Phrase grounding data
╔══
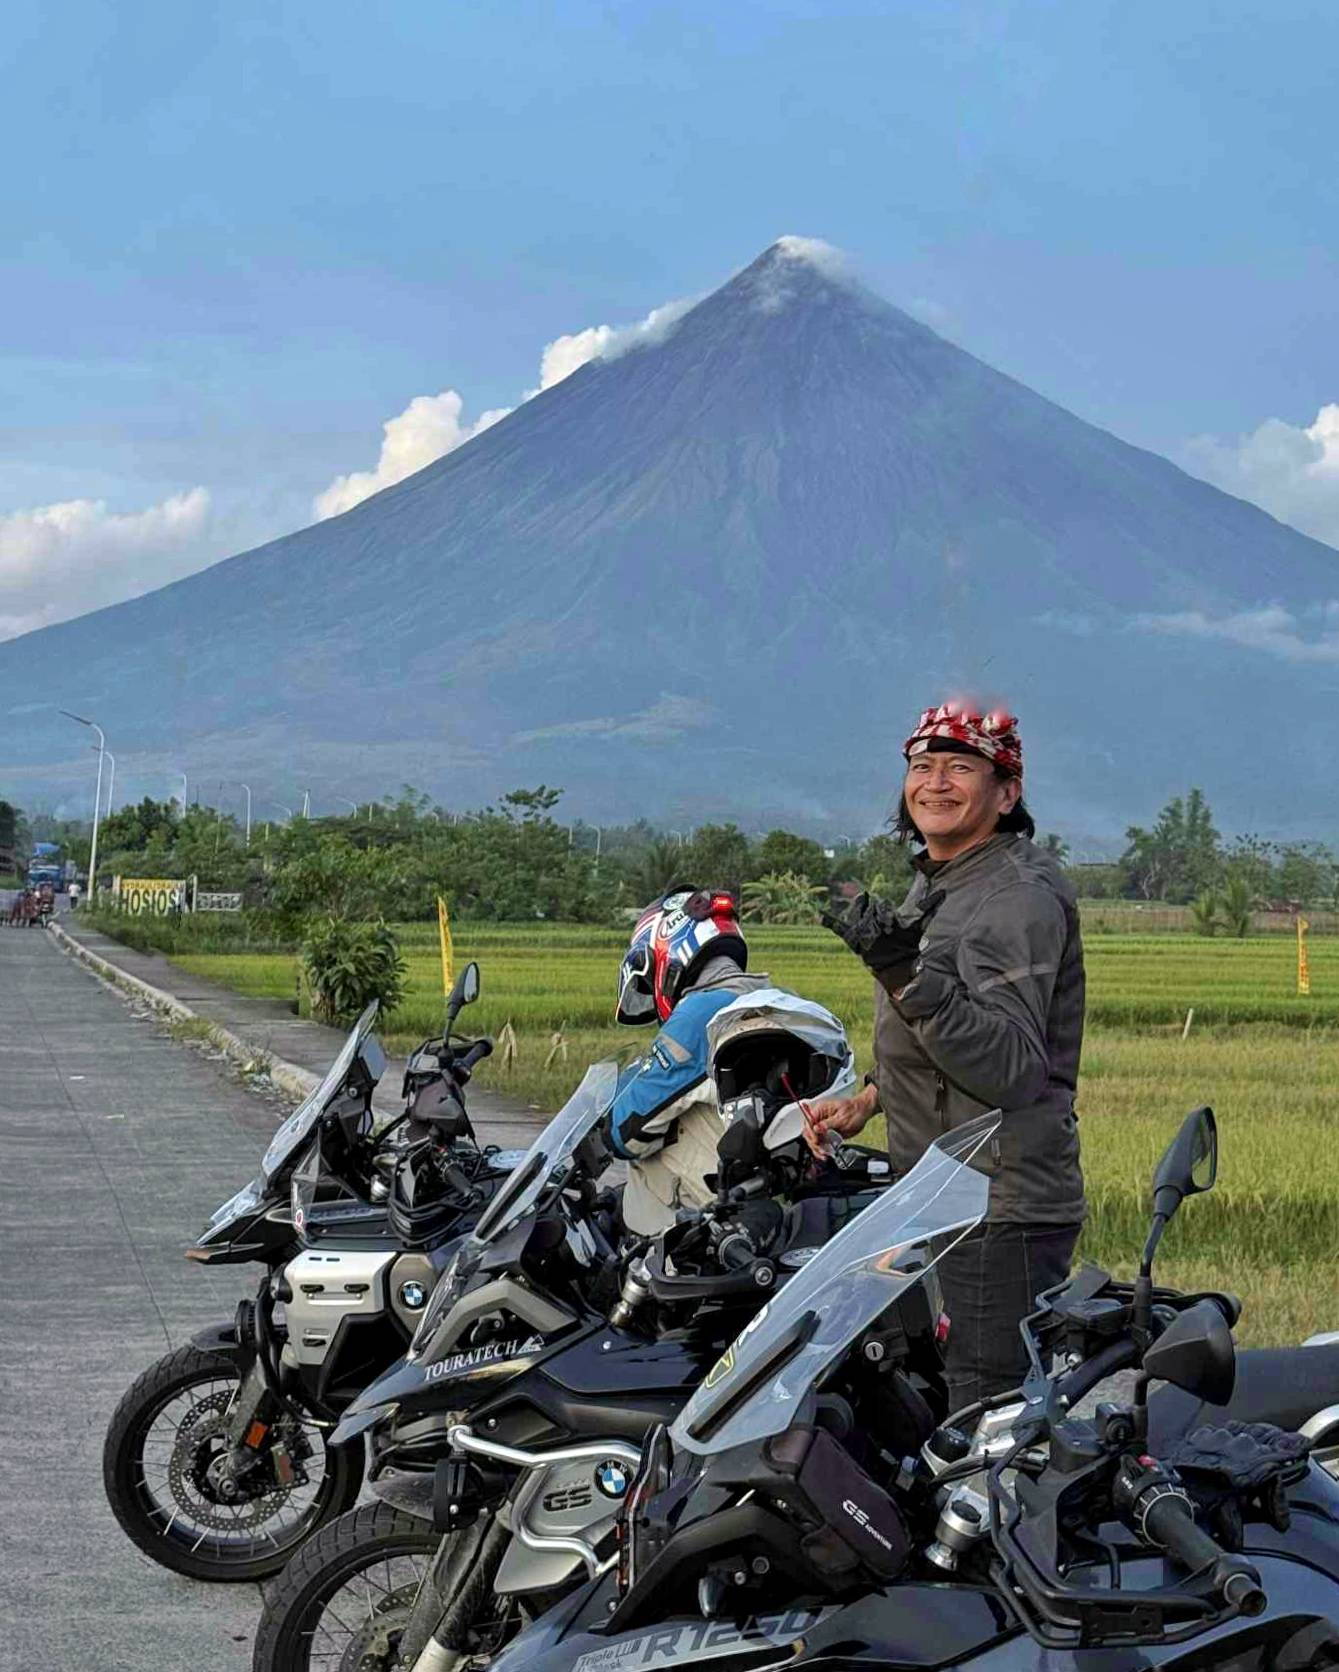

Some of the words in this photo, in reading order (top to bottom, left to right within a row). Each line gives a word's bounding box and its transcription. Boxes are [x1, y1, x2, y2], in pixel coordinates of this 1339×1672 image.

[424, 1338, 519, 1382] TOURATECH
[543, 1486, 593, 1512] GS
[842, 1499, 870, 1526] GS
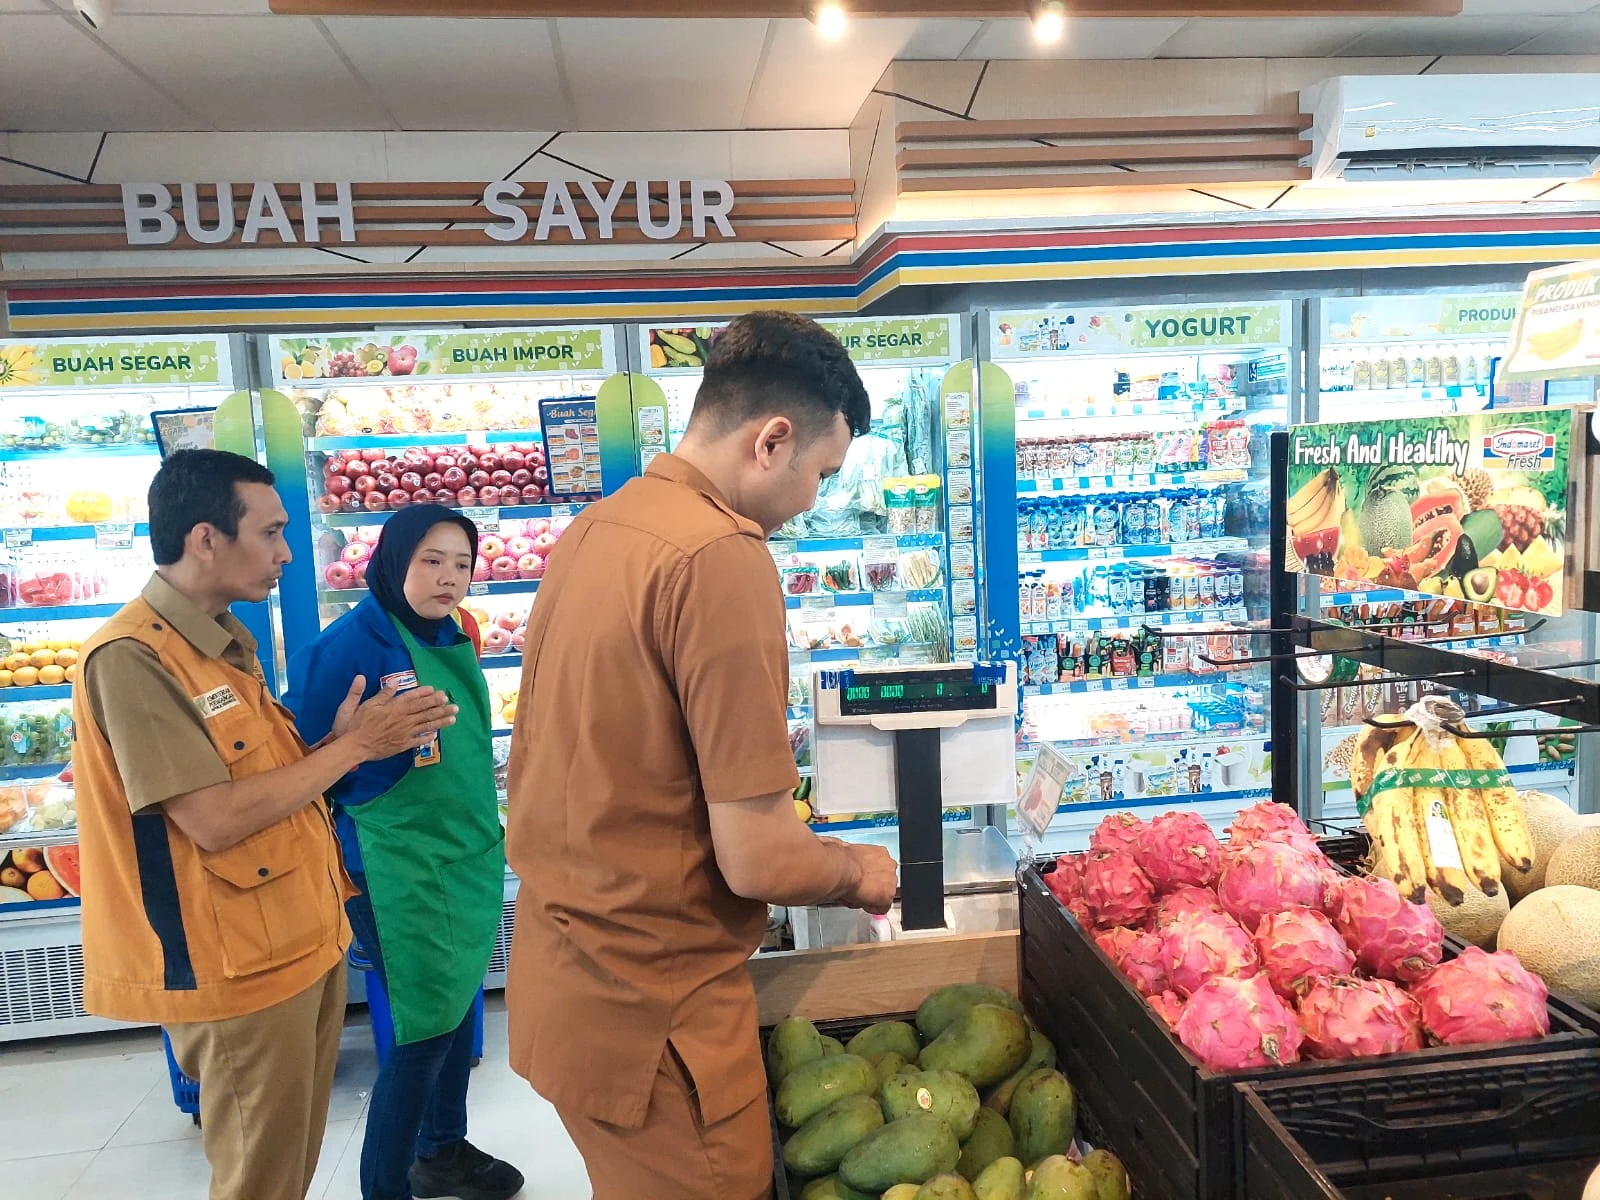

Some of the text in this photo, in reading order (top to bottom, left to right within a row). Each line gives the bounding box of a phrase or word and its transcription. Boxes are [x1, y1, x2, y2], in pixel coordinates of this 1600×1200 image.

[121, 179, 737, 244] BUAH SAYUR
[1534, 276, 1600, 303] PRODUK
[1145, 315, 1251, 338] YOGURT
[866, 332, 922, 348] SEGAR
[453, 344, 574, 363] BUAH IMPOR
[53, 354, 192, 373] BUAH SEGAR
[551, 408, 575, 419] Buah
[1294, 429, 1469, 476] Fresh And Healthy
[1495, 437, 1541, 449] Indomaret
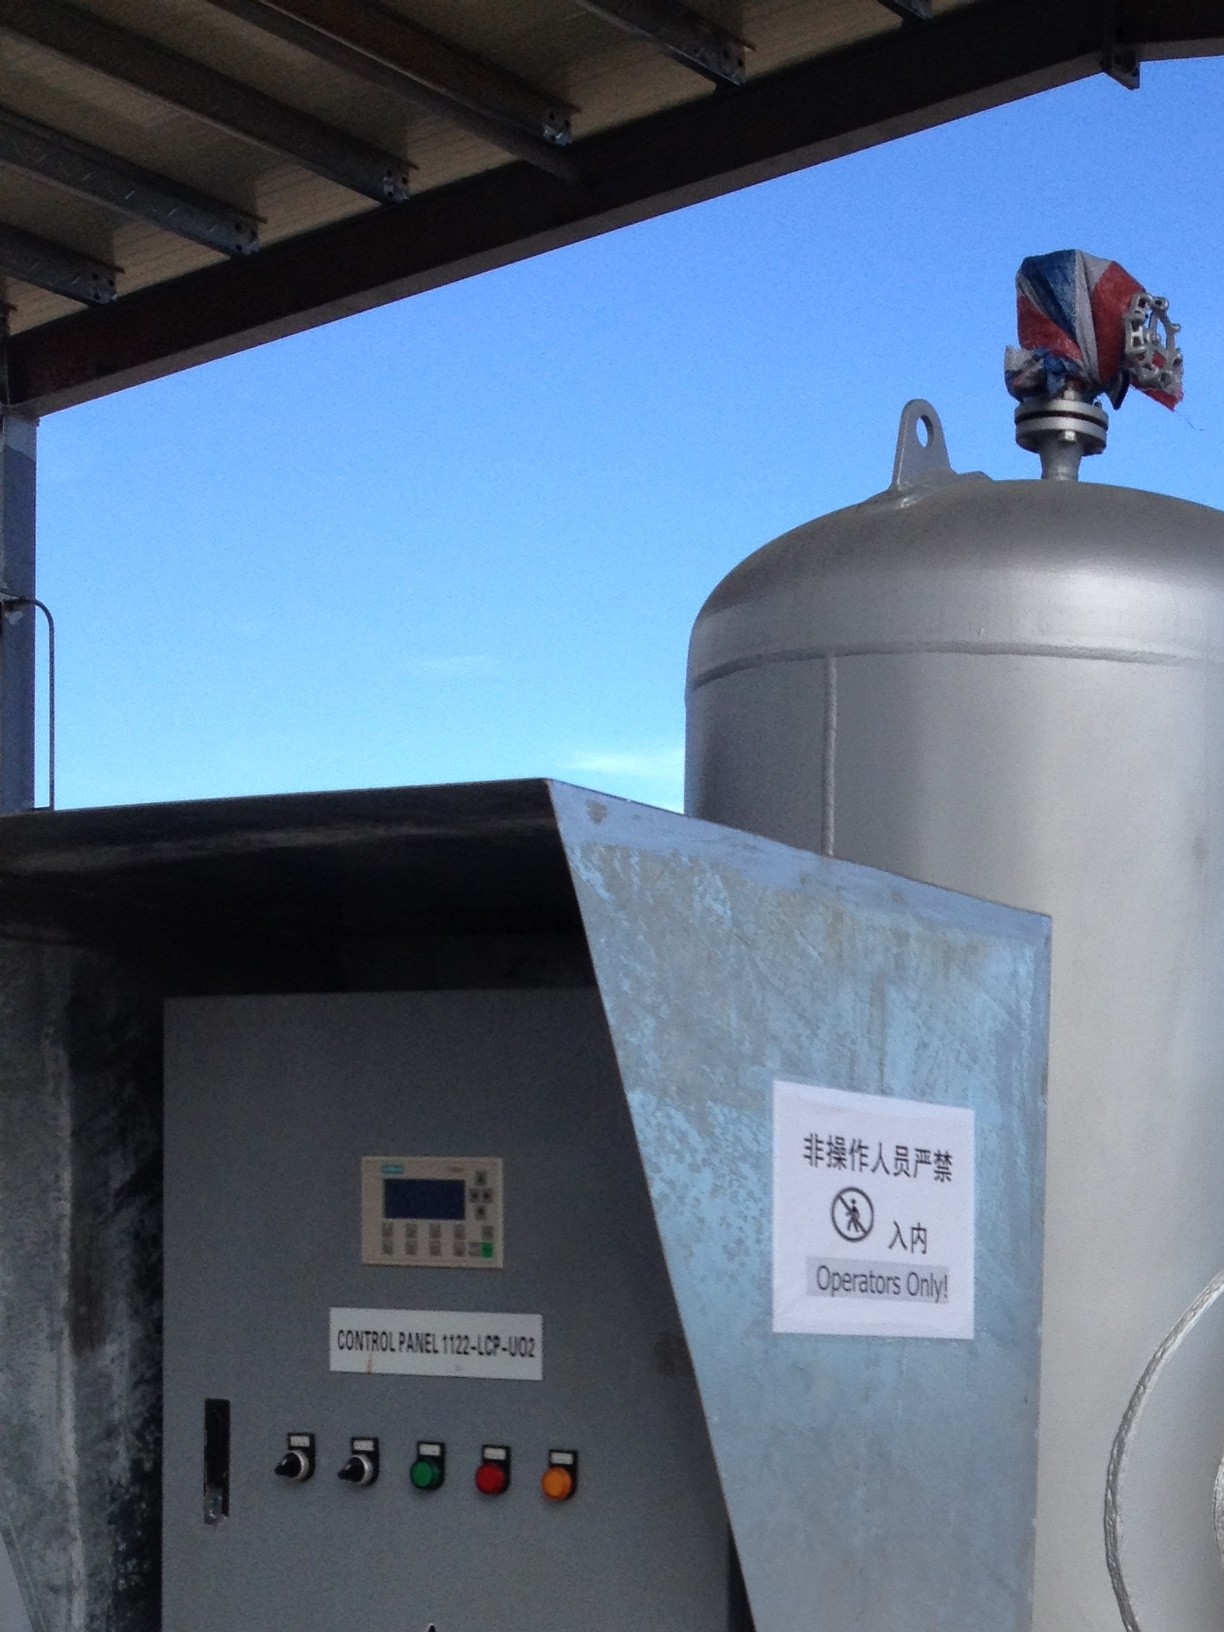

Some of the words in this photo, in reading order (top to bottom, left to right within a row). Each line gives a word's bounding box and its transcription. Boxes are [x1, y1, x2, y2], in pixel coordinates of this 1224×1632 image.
╚══
**Activity:**
Copy out the data verbatim, excluding the pictures.

**Exercise result:**
Some of the words in this photo, in reading order (top to bottom, left to right within a row). Each line gives a word's bounding box and its transcription. Boxes are [x1, y1, x2, y2], in pixel coordinates of this 1339×1672 image.

[424, 1338, 519, 1382] TOURATECH
[543, 1486, 593, 1512] GS
[842, 1499, 870, 1526] GS

Some of the text in this photo, in reading order (top to bottom, left to right within a row). Each line gives the bounding box of a phrase or word and its transcription. Boxes are [x1, y1, x2, y2], in pixel coordinates of this 1600×1200 image.

[121, 179, 737, 244] BUAH SAYUR
[1534, 276, 1600, 303] PRODUK
[1145, 315, 1251, 338] YOGURT
[866, 332, 922, 348] SEGAR
[453, 344, 574, 363] BUAH IMPOR
[53, 354, 192, 373] BUAH SEGAR
[551, 408, 575, 419] Buah
[1294, 429, 1469, 476] Fresh And Healthy
[1495, 437, 1541, 449] Indomaret

Some of the words in this photo, in reading order (top to bottom, left to right within a row). Each line gives a word's bounding box and its transcription. Boxes are [x1, y1, x2, y2], in pixel coordinates of this 1224×1632 image.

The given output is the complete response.